Tuesday, April 14, 2015

New Fossil Dating Technique Casts Doubt On Human Origins

Via io9.com by George Dvorsky

A new dating technique has revised the estimated age of Little Foot from 2.2 million to 3.6 million years ago. That’s significant because it places the rare Australopithecus fossil within the same evolutionary timeframe as Lucy, a hominid from a separate species. Meaning humans may not be related to Lucy after all.

The nearly-complete skeletal remains of Little Foot, an ancient female hominid named after its four small foot bones, were uncovered in South Africa’s Sterkfontein Cave over 20 years ago. Scientists have been debating the age of the Australopithecus fossil ever since, with consensus settling around the 2.2 million year mark.

But now, a sophisticated new dating technique, called isochron burial dating, suggests the fossil is 3.67 million years old — give or take an incredibly small margin of 160,000 years. By using radioisotopes within the rock samples covering the remains, the scientists were able to accurately date when the rocks and the fossil were first buried.

The analysis of the 11 rock samples found near the site where Little Foot was found was conducted by a team of Purdue University and Wits University scientists headed by Darryl Granger, Kathy Kuman, and Ronald Clarke. Their results now appear in Nature.

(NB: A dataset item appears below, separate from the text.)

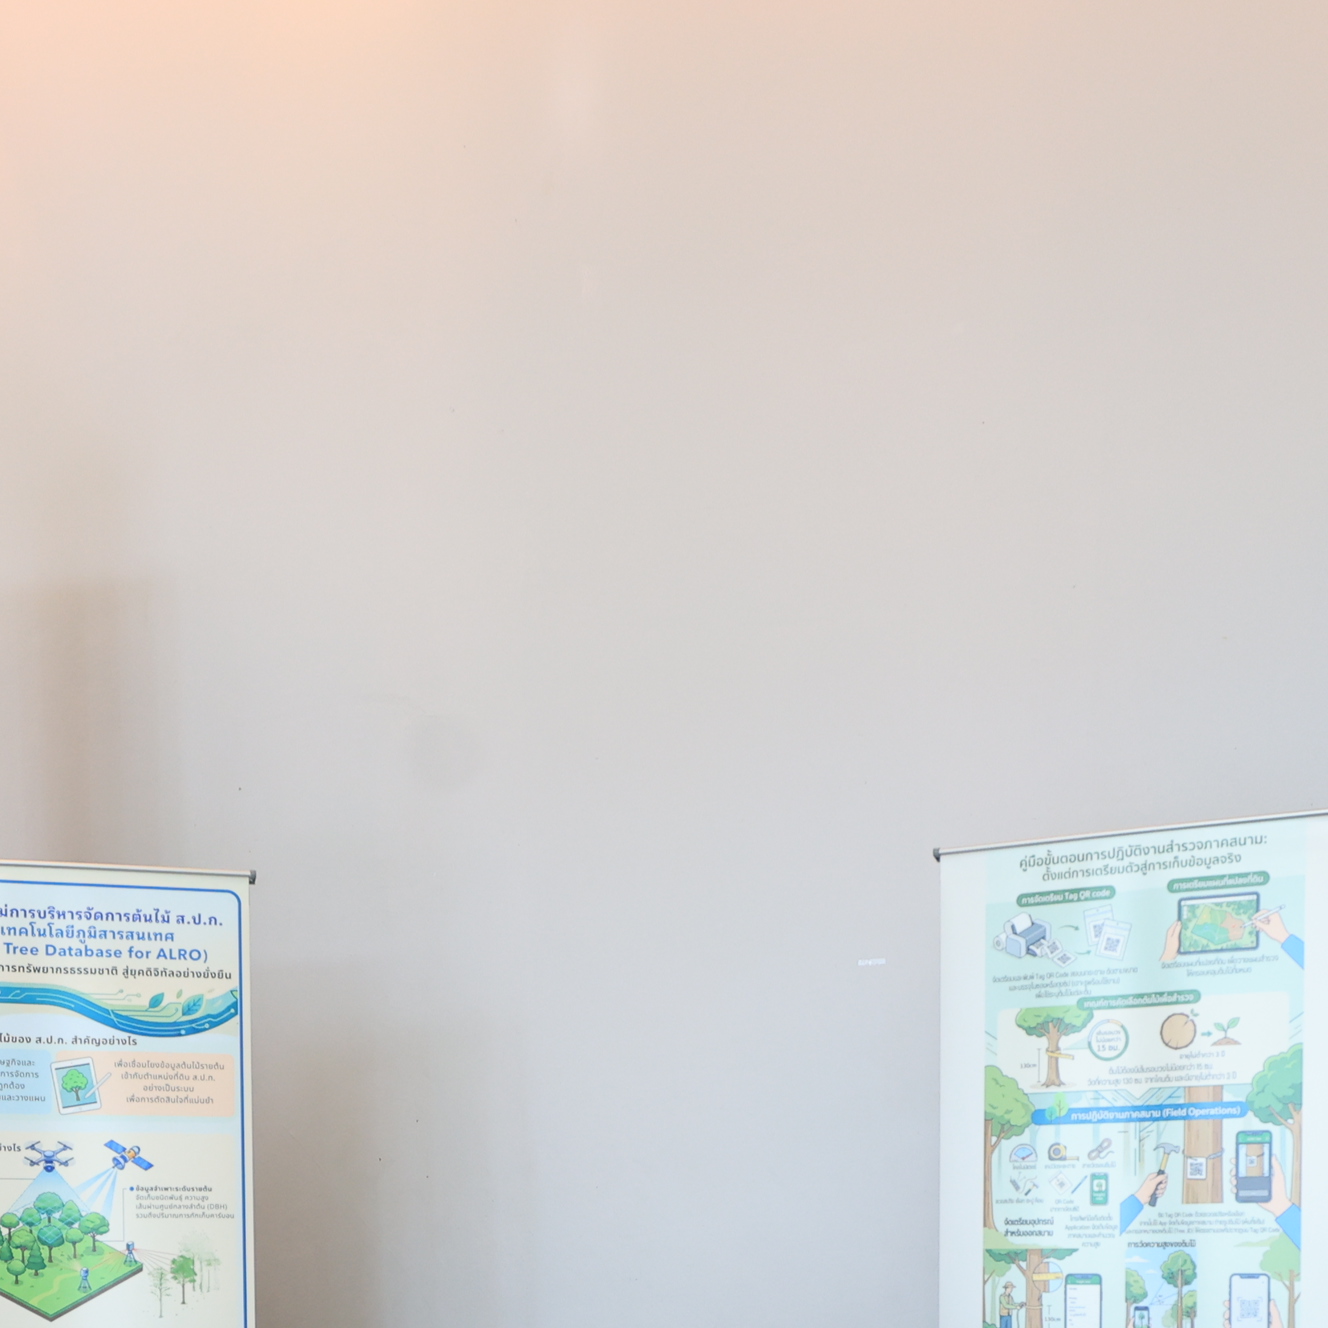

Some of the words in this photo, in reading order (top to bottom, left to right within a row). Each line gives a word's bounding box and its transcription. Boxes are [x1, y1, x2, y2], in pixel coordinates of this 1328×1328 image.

The study indicates that Little Foot, a member of the species Australopithecus prometheus, lived at roughly the same time as Australopithecus afarensis — the species made famous by the Lucy fossil, which was found in Ethiopia. The new date of Little Foot suggests that A. afarensis was not the only hominid species that could have given rise to the Homo genus, the genus that we ourselves belong to.

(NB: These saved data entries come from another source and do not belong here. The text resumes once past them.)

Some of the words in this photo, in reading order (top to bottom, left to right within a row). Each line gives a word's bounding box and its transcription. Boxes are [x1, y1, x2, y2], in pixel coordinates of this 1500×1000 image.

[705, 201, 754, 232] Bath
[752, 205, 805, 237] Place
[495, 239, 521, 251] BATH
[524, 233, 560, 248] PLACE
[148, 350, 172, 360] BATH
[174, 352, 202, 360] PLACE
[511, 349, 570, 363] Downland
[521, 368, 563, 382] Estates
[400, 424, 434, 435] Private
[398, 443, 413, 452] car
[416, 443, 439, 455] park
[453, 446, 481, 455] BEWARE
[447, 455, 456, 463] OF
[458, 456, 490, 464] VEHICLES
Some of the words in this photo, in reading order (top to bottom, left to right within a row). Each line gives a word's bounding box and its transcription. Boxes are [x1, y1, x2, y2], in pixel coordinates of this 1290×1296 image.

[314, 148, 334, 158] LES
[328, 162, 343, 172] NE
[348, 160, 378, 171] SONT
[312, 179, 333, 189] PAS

“It demonstrates that the later hominids, for example, Australopithecus africanus and Paranthropus did not all have to have derived from Australopithecus afarensis,” said Clarke via this statement. “We have only a small number of sites and we tend to base our evolutionary scenarios on the few fossils we have from those sites.”

And as he told Reuters: “The fact, therefore, that we have at least two (Australopithecus) species living at the same time in different parts of Africa, (about) 3.67 million years ago, raises the question of how many other species there may have been which have not yet been discovered.”